What can we learn about long-term thinking from millennia-old Zoroastrian fire rituals?
By Richard Fisher | Long Now
Apr 13, 02023
At some point in the late fifth century, as the Western Roman empire fell, a group of Zoroastrian priests in Iran’s Fars Province lit a very special fire.
As the days passed, they kept the flame burning. Years became decades, and decades became centuries, with the fire moving between various locations, until it eventually ended up in the Yazd, a desert city around 600 km (373 miles) south-east of Tehran. In 01934, a new temple was built there to house it, where it continues to burn to this day. It’s one of only nine in the world – a flame that has been kept alive for more than 1,500 years.
The Eternal Flame of the Yazd Fire Temple in Iran. سیده زینب صفوی, CC BY-SA 4.0, via Wikimedia Commons
This millennia-old Zoroastrian fire is an extraordinary act of long-minded maintenance – and one of many examples of long-term thinking in my new book The Long View: Why We Need to Transform How the World Sees Time (Wildfire, March 02023). What might we learn from it if we want to think with a longer perspective?
The Yazd temple (constructed 01934) in 02018. Courtesy of R.shahi24, CC BY-SA 4.0, via Wikimedia Commons
The Yazd temple that houses the 1,500-year-old fire today is situated on a busy street with cafés, clothing stores and a tourist information centre. Once you are inside the gate, however, the world outside fades into the background. Visitors encounter a peaceful garden, containing a round pool of water lined with benches and conical trees. Beyond that is a light-coloured, one-storey brick building, with a portico topped by the Zoroastrian ‘Faravahar’ symbol: a bird’s wings outstretched like an aeroplane viewed from above, with a holy male figure for a head.
Inside the building, the everlasting fire burns within a goblet. Several times a day, priests wearing all white tend the flames with a mixture of long-burning hardwood and sweet-scented softwood. Non-Zoroastrians are not allowed to go close, but visitors can view the chamber from the entrance hall. Looking at the fire through a tinted glass window, you can see the faint reflection of tourists peering in with their cameras, attempting to capture an image that will no doubt have faded or digitally decayed long before the flame goes out.
Zoroastrianism is one of the world’s oldest faiths, and was founded approximately 3,500 years ago. It is based on the teachings of the Iranian prophet Zarathustra (also known as Zoroaster). In the Yazd fire temple, he is depicted in a painting with a bushy beard and long hair, a halo behind his head, carrying a staff and holding up a single finger, his eyes gazing upward.
A depiction of Zoroaster in the Yazd fire temple.
With believers concentrated mainly in Iran and India, Zoroastrianism is much smaller than the major global religions: between 100,000-200,000 followers by some estimates. But over the centuries, Zoroastrian practices and writings have significantly influenced other faiths, as well as intersecting with the politics of states and empires. It gave Christianity the three wise men who attended the birth of Jesus – scholars reckon they were Zoroastrian priests – and supposedly helped to inspire Judaism’s theology of the afterlife, with the idea that what you do on Earth affects your fate after you die.

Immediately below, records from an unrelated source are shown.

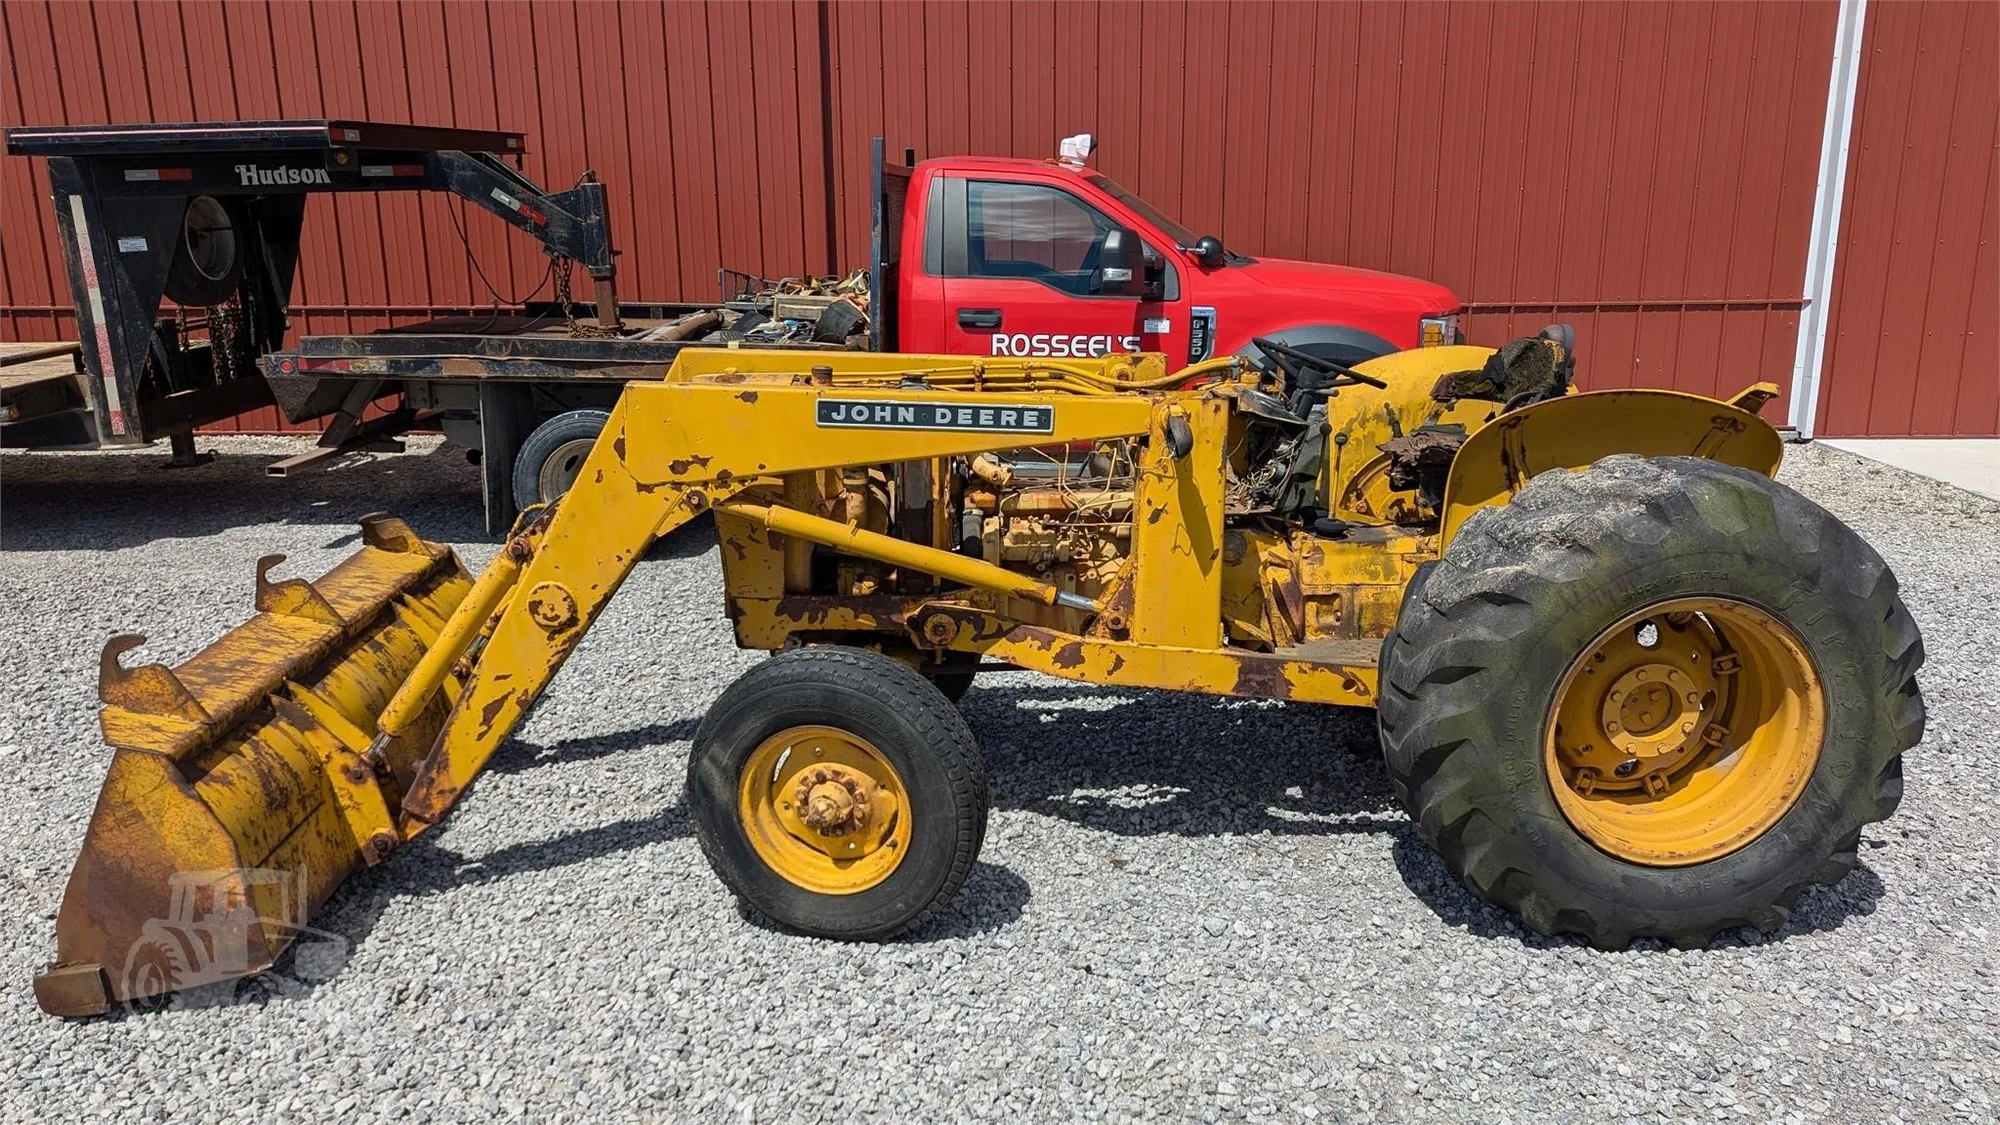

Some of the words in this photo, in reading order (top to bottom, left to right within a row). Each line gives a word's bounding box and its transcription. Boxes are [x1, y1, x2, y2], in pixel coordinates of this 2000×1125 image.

[234, 164, 331, 186] Hudson
[992, 333, 1142, 357] ROSSEEL'S
[831, 404, 915, 423] JOHN
[935, 407, 1039, 427] DEERE
[1778, 578, 1868, 845] Fireston

Zoroastrians have a particularly strong relationship with fire, which they see as a focus for ritual and contemplation. The ancient flames they tend are called Atash Bahrams, which means ‘victorious fire’. The fires are not worshipped, but when standing nearby, believers feel they are in the presence of the deity Ahura Mazdā. The flame can be symbolic of various things, expressing inspiration, compassion, truth, devotion, as well as continuity and change.
The Atash Bahram fire at Udvada has burned for more than a millennium, and has been held at its current location since the mid-eighteenth century.

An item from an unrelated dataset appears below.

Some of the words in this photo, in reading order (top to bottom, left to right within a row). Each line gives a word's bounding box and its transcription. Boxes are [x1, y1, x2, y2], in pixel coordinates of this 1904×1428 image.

Atash Bahram fires are extraordinarily difficult to start, which explains why there are so few of them. The oldest fire in India, for example, has stayed burning for more than 1,000 years in a village called Udvada, north of Mumbai. To start it, Zoroastrian priests had to walk back to Iran to fetch a collection of sacred items called the alat – such as holy ash, a ring and the hair of a bull. En route they had to hide to avoid enemy armies and could not cross any rivers or seas, because fire and water cannot mix. It then took 14,000 hours of ritual. But here’s where it got really difficult: an Atash Bahram must be made by combining 16 different fires, taken from the homes of various professions such as a bricklayer, baker, warrior and artisan, plus the fire of a burning corpse and the fire of lightning. The latter fire is particularly difficult to source, because two Zoroastrians have to witness the lightning, and within a rainy storm hope that the strike sets something alight.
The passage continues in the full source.